Exercise requirements: Write out the following listing in full, exactly as it reads.

Data shown:
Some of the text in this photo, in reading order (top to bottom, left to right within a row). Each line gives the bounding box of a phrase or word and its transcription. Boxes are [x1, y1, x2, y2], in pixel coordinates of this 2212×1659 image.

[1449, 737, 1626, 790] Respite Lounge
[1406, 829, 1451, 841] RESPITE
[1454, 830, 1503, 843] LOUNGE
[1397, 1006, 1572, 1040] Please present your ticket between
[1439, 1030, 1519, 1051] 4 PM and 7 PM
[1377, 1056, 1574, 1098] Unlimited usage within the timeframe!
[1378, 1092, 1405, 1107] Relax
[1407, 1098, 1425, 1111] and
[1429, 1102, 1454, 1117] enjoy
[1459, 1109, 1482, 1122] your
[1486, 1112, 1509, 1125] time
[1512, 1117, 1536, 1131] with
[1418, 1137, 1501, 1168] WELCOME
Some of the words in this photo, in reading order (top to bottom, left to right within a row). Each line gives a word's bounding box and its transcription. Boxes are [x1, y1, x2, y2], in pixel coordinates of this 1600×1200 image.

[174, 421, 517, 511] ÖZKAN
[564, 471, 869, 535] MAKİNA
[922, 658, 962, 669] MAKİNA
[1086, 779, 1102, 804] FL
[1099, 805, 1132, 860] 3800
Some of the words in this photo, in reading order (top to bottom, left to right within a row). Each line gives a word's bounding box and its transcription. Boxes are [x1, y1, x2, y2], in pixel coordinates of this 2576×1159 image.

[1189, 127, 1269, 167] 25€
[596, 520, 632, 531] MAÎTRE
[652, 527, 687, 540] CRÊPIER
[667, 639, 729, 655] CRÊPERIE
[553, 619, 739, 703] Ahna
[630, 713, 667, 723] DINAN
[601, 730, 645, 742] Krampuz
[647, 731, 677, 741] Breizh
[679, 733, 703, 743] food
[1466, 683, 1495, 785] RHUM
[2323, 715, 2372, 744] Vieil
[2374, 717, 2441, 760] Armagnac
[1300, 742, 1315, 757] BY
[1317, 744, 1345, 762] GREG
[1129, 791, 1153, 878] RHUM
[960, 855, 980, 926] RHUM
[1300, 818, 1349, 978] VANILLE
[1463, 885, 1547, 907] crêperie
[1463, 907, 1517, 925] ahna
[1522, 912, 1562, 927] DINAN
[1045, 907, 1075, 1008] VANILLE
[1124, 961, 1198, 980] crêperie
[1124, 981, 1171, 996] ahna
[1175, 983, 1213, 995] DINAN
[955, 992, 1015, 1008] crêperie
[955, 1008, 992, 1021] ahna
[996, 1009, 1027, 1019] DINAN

Response below:
Some of the text in this photo, in reading order (top to bottom, left to right within a row). Each line gives the bounding box of a phrase or word and its transcription. Boxes are [x1, y1, x2, y2], in pixel coordinates of this 2212×1659 image.

[1449, 737, 1626, 790] Respite Lounge
[1406, 829, 1451, 841] RESPITE
[1454, 830, 1503, 843] LOUNGE
[1397, 1006, 1572, 1040] Please present your ticket between
[1439, 1030, 1519, 1051] 4 PM and 7 PM
[1377, 1056, 1574, 1098] Unlimited usage within the timeframe!
[1378, 1092, 1405, 1107] Relax
[1407, 1098, 1425, 1111] and
[1429, 1102, 1454, 1117] enjoy
[1459, 1109, 1482, 1122] your
[1486, 1112, 1509, 1125] time
[1512, 1117, 1536, 1131] with
[1418, 1137, 1501, 1168] WELCOME
Some of the words in this photo, in reading order (top to bottom, left to right within a row). Each line gives a word's bounding box and its transcription. Boxes are [x1, y1, x2, y2], in pixel coordinates of this 1600×1200 image.

[174, 421, 517, 511] ÖZKAN
[564, 471, 869, 535] MAKİNA
[922, 658, 962, 669] MAKİNA
[1086, 779, 1102, 804] FL
[1099, 805, 1132, 860] 3800
Some of the words in this photo, in reading order (top to bottom, left to right within a row). Each line gives a word's bounding box and its transcription. Boxes are [x1, y1, x2, y2], in pixel coordinates of this 2576×1159 image.

[1189, 127, 1269, 167] 25€
[596, 520, 632, 531] MAÎTRE
[652, 527, 687, 540] CRÊPIER
[667, 639, 729, 655] CRÊPERIE
[553, 619, 739, 703] Ahna
[630, 713, 667, 723] DINAN
[601, 730, 645, 742] Krampuz
[647, 731, 677, 741] Breizh
[679, 733, 703, 743] food
[1466, 683, 1495, 785] RHUM
[2323, 715, 2372, 744] Vieil
[2374, 717, 2441, 760] Armagnac
[1300, 742, 1315, 757] BY
[1317, 744, 1345, 762] GREG
[1129, 791, 1153, 878] RHUM
[960, 855, 980, 926] RHUM
[1300, 818, 1349, 978] VANILLE
[1463, 885, 1547, 907] crêperie
[1463, 907, 1517, 925] ahna
[1522, 912, 1562, 927] DINAN
[1045, 907, 1075, 1008] VANILLE
[1124, 961, 1198, 980] crêperie
[1124, 981, 1171, 996] ahna
[1175, 983, 1213, 995] DINAN
[955, 992, 1015, 1008] crêperie
[955, 1008, 992, 1021] ahna
[996, 1009, 1027, 1019] DINAN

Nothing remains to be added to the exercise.